In silico analysis of the deduced protein sequence of PcaA revealed a HMA domain carrying the conserved GMXCXXC motif (shown in box, Figure 1A). Moreover, a PIB-type ATPase domain is spanning from the amino acid residue 566 to 802 (InterPro ID: IPR027256) with the conserved CPC (position 771) and DKTGT (position 815) motif. Sequence homology modeling of PcaA executed by Phyre2 (Kelley et al., 2015) discovered eight membrane spanning helices which are typical for PIB-type ATPases (Kühlbrandt, 2004) (Figure 1B).
FIGURE 1. Schematic predicted structure of the Aspergillus fumigatus PcaA. (A) The conserved HMA domains of the related metal transporting proteins are presented (according to Uniprot). Identical amino acid residues in the HMA domain of A. fumigatus PcaA, Saccharomyces cerevisiae Pca1p, Candida albicans CRP1, A. fumigatus CtpA and CrpA are highlighted in yellow. PcaA and Pca1p bear a single HMA domain, whereas CRP1, CtpA and the putative copper transporter CrpA possess more than one HMA domain. (B) Model of the eight putative transmembrane segments of PcaA according to Phyre2 prediction (MEMSAT-SVM method).
PcaA Is Required for Cadmium, but Negligible for Copper, Iron, Zinc, and Silver Tolerance of A. fumigatus
A pcaA deletion strain was constructed to analyze the role of PcaA in metal adaptation. The growth of the ΔpcaA, gfp-pcaA complementation together with a PgpdA-pcaA overexpression (OE pcaA) strain was tested in the presence of increasing concentrations of CdSO4, CuSO4, Fe2SO4, ZnCl2 (Figure 2) and AgNO3 (Supplementary Figure S3). The phenotypical analysis showed drastically increased sensitivity of ΔpcaA to cadmium: the growth of the deletion strain was strongly reduced in presence of cadmium ions compared to the WT. The growth defect of ΔpcaA strain caused by cadmium ions was restored by the re-introduction of a single copy of pcaA into the ΔpcaA strain (gfp-pcaA complementation strain). In contrast to this, the OE pcaA strain achieved elevated resilience resulting in an increased colony size at higher concentrations of cadmium sulfate (Figure 2). The sensitivity was specific to cadmium: neither copper nor iron or zinc or silver ions had perceptible impact on the growth of the deletion or overexpression pcaA strain in comparison to the WT (Figure 2 and Supplementary Figure S3). These findings indicate the relevance of PcaA for cadmium detoxification in A. fumigatus.
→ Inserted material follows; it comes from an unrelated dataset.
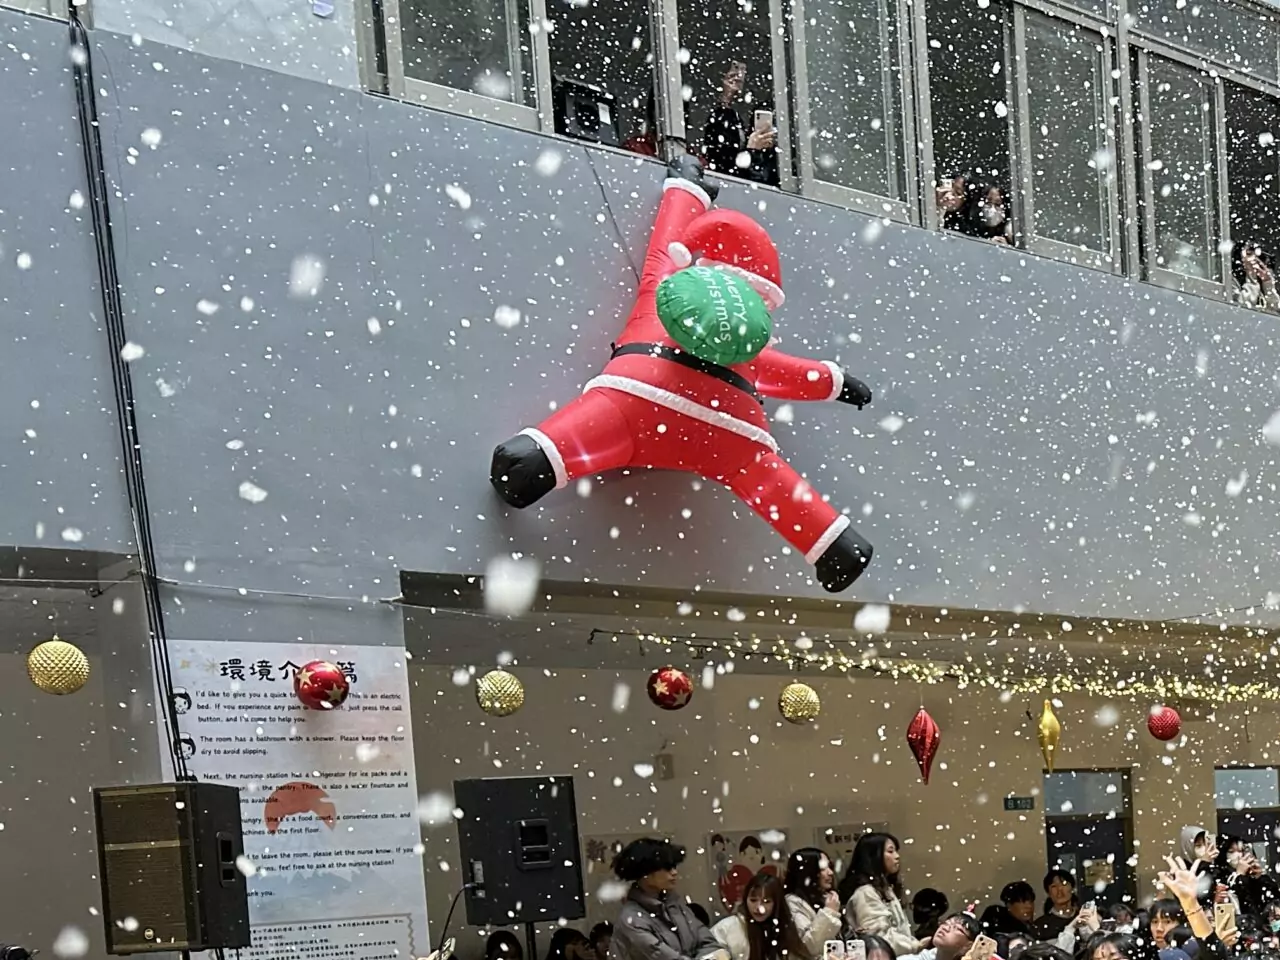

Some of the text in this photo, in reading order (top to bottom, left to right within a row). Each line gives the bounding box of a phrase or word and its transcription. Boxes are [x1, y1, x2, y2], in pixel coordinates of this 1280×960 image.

FIGURE 2. Growth of ΔpcaA, OE pcaA, and the gfp-pcaA strains on metal containing agar plates. Metal susceptibility of the above mentioned strains was tested on agar plates containing concentrations of CdSO4 ranging between 100 μM and 10 mM; or 100 μM to 2 mM CuSO4, 5 to 25 mM Fe2SO4 or 5 to 25 mM ZnCl2 (Supplementary Figure S3), although here we only present the effect of 300 μM CdSO4, 300 μM CuSO4, 20 mM Fe2SO4 and 20 mM ZnCl2. These concentrations were used for further experiments as they were sufficient to cause growth defect without complete inhibition. Compared to the wild type (WT), even low concentrations of cadmium strongly hindered the ΔpcaA strain, however, this growth defect was restored in the gfp-pcaA complementation strain. The OE pcaA could propagate colony even on 10 mM cadmium sulfate containing plates. Copper, iron, or zinc ions had no considerable impact on the ΔpcaA or the OE pcaA strain in comparison to the WT in any of the above mentioned concentrations.
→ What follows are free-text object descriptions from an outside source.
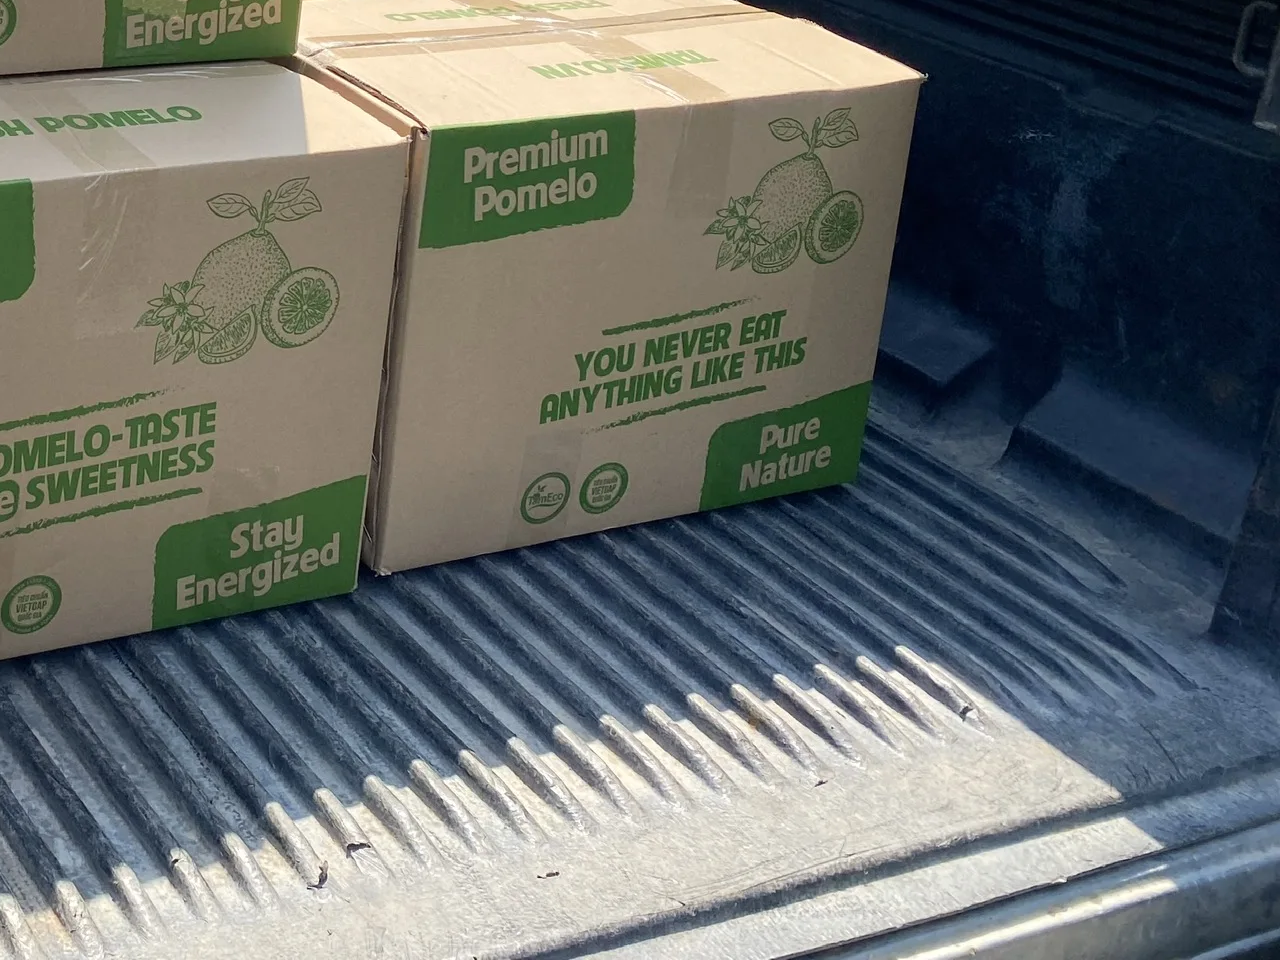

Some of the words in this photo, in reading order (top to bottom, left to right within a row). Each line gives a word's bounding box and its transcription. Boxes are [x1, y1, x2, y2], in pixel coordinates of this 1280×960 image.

[384, 5, 517, 22] POMELO
[513, 0, 613, 14] FRESH
[32, 105, 203, 133] POMELO
[463, 129, 608, 184] Premium
[474, 167, 598, 222] Pomelo
[574, 342, 636, 382] YOU
[643, 321, 732, 368] NEVER
[739, 309, 788, 347] EAT
[539, 365, 683, 425] ANYTHING
[690, 351, 746, 390] LIKE
[754, 336, 808, 374] THIS
[758, 417, 821, 455] Pure
[25, 439, 216, 510] SWEETNESS
[739, 445, 832, 493] Nature
[230, 514, 304, 559] Stay
[176, 531, 341, 611] Energized
Cadmium Ions Induce PcaA Protein Formation, Which Accumulates in the Plasma Membrane of A. fumigatus
In order to examine the effect of cadmium and copper ions for the cellular PcaA levels and to allocate PcaA within the fungal cell, a gfp-pcaA strain -expressing a functional GFP-PcaA fusion protein- was constructed and studied (Figure 3A). The cellular PcaA level was examined in vitro by western hybridization. GFP-PcaA signal could be shown 90 min after cadmium sulfate was added to the culture. Exposure to cadmium resulted in GFP-PcaA induction, whereas without cadmium supplementation (control) no signal was detected by western hybridization (Figure 3B). Presence of copper ions did not result in detectable GFP-PcaA levels either (Supplementary Figure S4).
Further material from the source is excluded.